» PROBLEM TO WORK ON
Please, could you print all the lines below exactly, leaving out the pictures?

» PROVIDED DATA
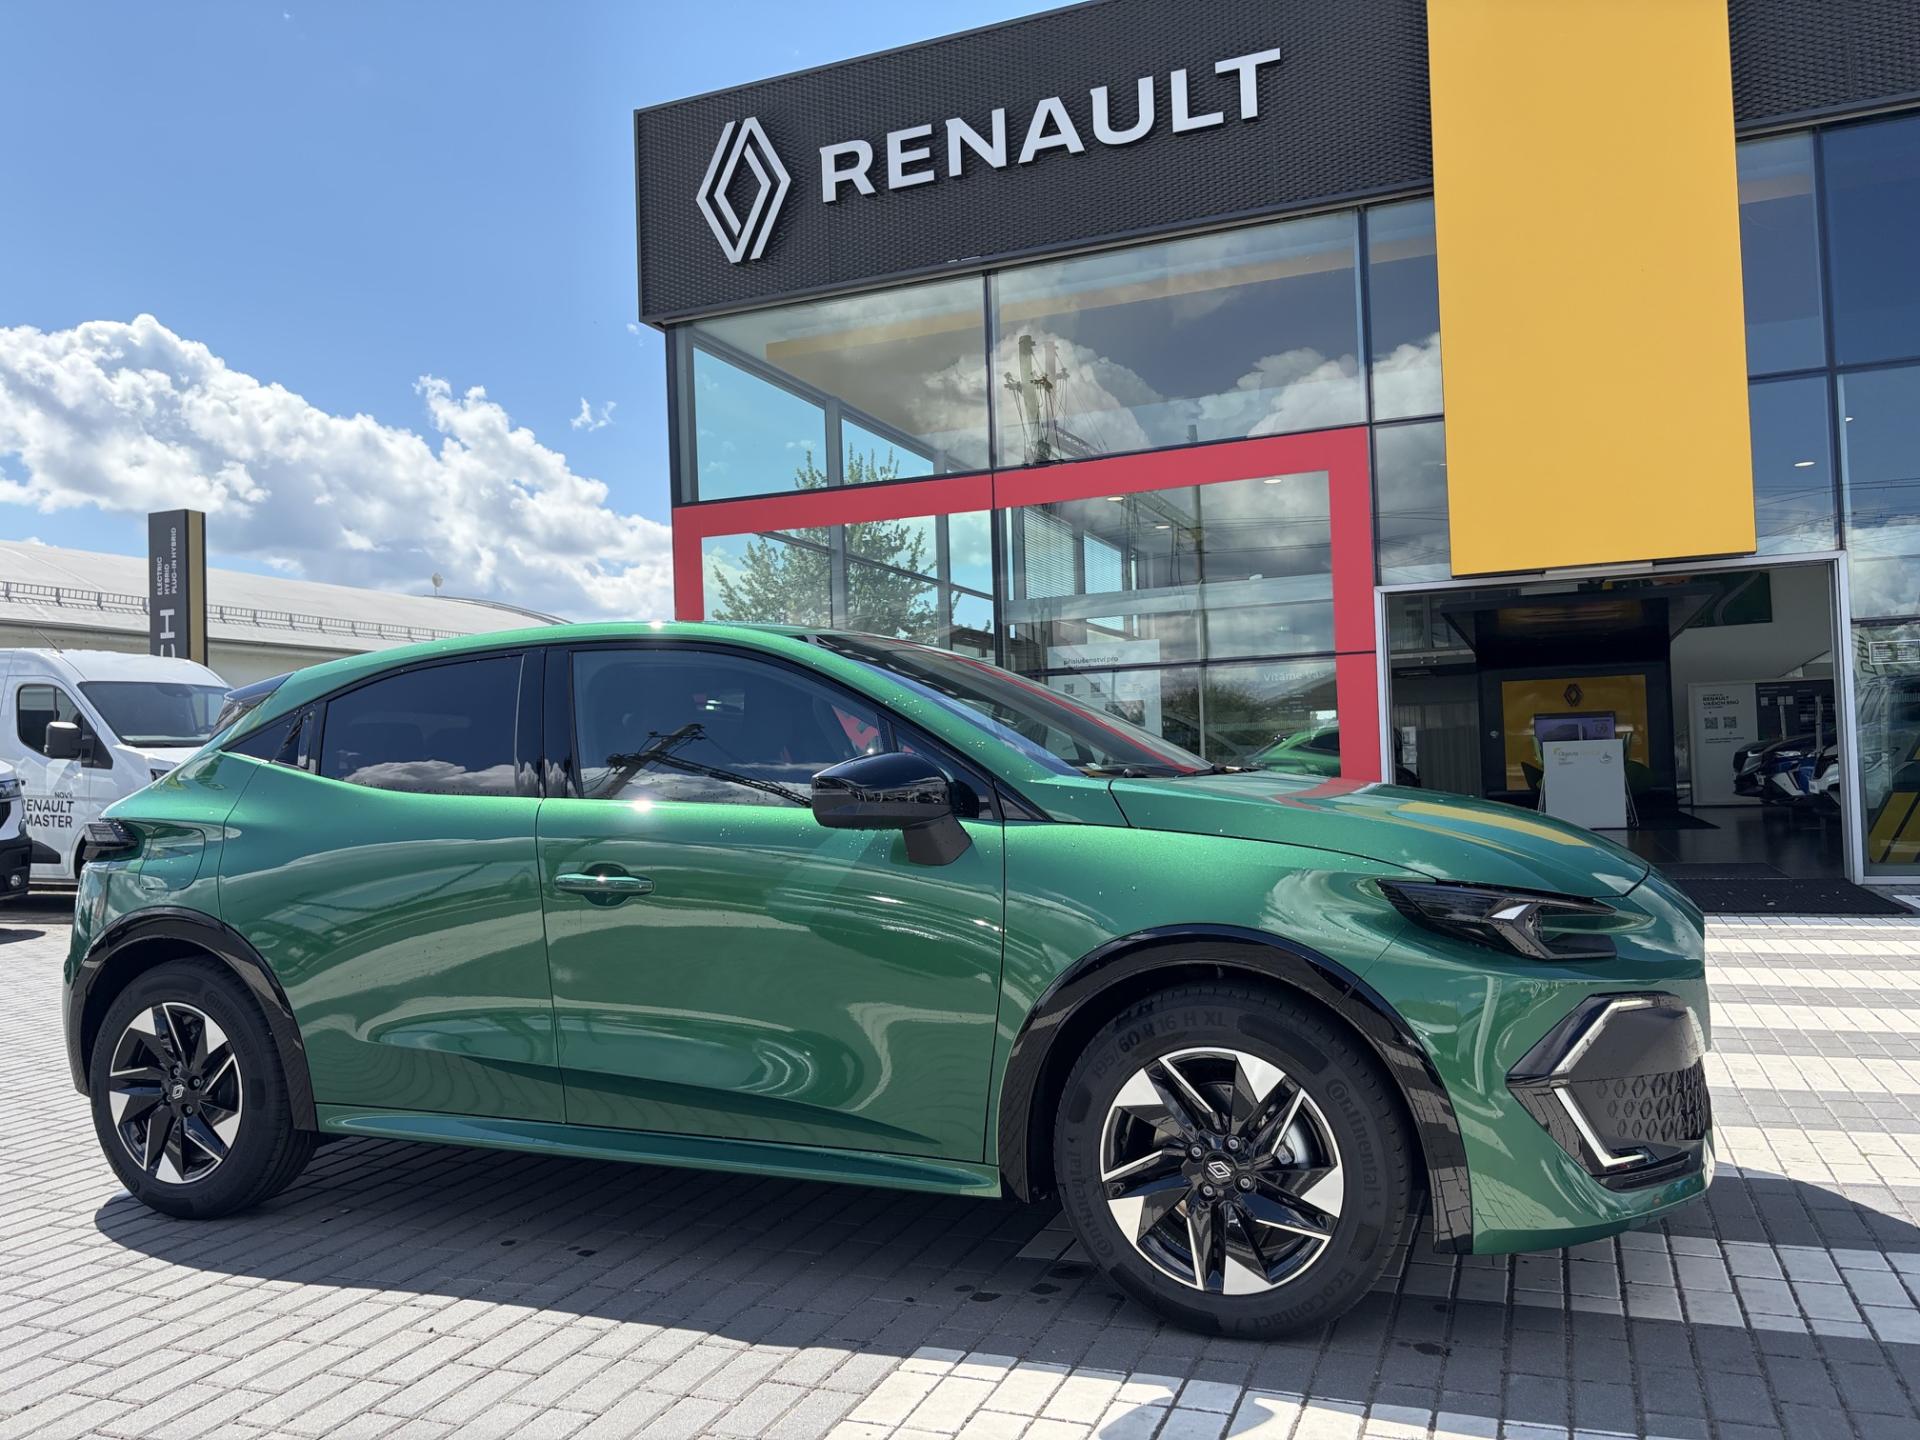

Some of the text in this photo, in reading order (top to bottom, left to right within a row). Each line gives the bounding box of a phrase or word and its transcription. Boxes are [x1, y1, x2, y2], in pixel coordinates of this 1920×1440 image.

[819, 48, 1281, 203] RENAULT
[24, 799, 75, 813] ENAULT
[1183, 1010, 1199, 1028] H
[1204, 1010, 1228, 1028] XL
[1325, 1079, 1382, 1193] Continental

» TASK SOLUTION
Some of the text in this photo, in reading order (top to bottom, left to right within a row). Each line gives the bounding box of a phrase or word and its transcription. Boxes are [x1, y1, x2, y2], in pixel coordinates of this 1920×1440 image.

[819, 48, 1281, 203] RENAULT
[24, 799, 75, 813] ENAULT
[1183, 1010, 1199, 1028] H
[1204, 1010, 1228, 1028] XL
[1325, 1079, 1382, 1193] Continental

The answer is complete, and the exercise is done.